## What you have to do
Pictures are not part of the copy; reproduce the remaining data exactly.

(Collected data)
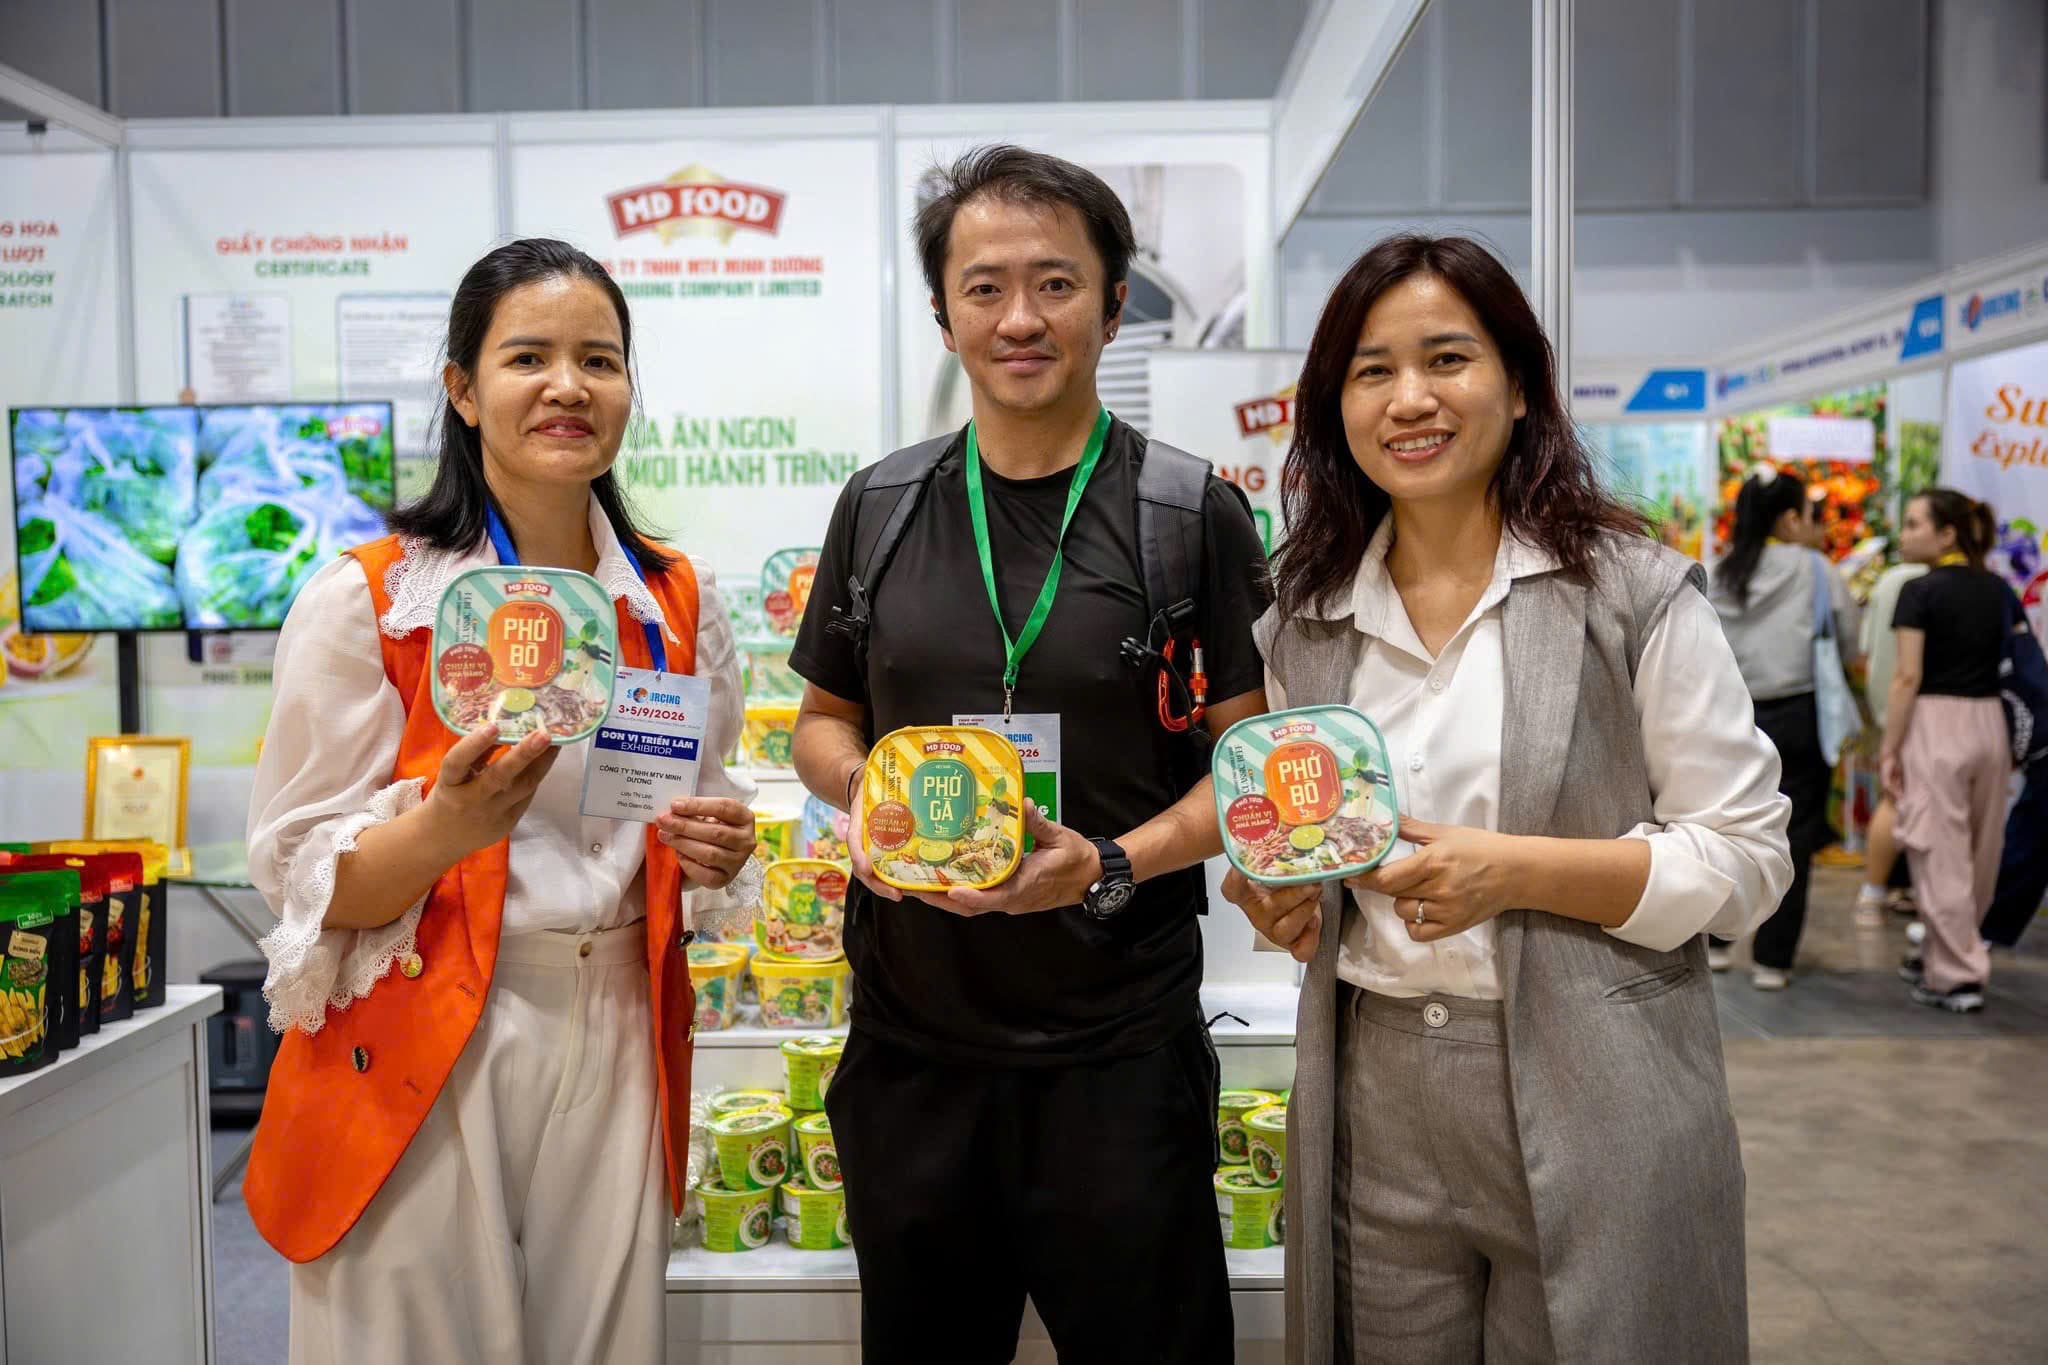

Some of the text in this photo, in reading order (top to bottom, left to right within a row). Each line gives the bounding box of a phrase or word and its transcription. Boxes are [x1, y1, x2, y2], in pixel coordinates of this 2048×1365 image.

[622, 188, 770, 224] MD FOOD
[255, 259, 370, 277] CERTIFICATE
[671, 411, 709, 448] ĂN
[718, 417, 796, 448] NGON
[687, 448, 765, 485] HÀNH
[523, 583, 549, 593] FOOD
[504, 612, 549, 641] PHỞ
[509, 642, 540, 667] BÒ
[1289, 724, 1313, 734] FOOD
[621, 743, 672, 756] EXHIBITOR
[926, 742, 961, 752] MD FOOD
[600, 764, 619, 773] CÔNG
[631, 769, 649, 777] TNHH
[665, 773, 682, 781] MINH
[1278, 750, 1322, 784] PHỞ
[923, 770, 963, 796] PHỞ
[1290, 780, 1319, 807] BÒ
[929, 797, 954, 821] GÀ

## Solution to this exercise
Some of the text in this photo, in reading order (top to bottom, left to right within a row). Each line gives the bounding box of a phrase or word and its transcription. Boxes are [x1, y1, x2, y2], in pixel coordinates of this 2048×1365 image.

[622, 188, 770, 224] MD FOOD
[255, 259, 370, 277] CERTIFICATE
[671, 411, 709, 448] ĂN
[718, 417, 796, 448] NGON
[687, 448, 765, 485] HÀNH
[523, 583, 549, 593] FOOD
[504, 612, 549, 641] PHỞ
[509, 642, 540, 667] BÒ
[1289, 724, 1313, 734] FOOD
[621, 743, 672, 756] EXHIBITOR
[926, 742, 961, 752] MD FOOD
[600, 764, 619, 773] CÔNG
[631, 769, 649, 777] TNHH
[665, 773, 682, 781] MINH
[1278, 750, 1322, 784] PHỞ
[923, 770, 963, 796] PHỞ
[1290, 780, 1319, 807] BÒ
[929, 797, 954, 821] GÀ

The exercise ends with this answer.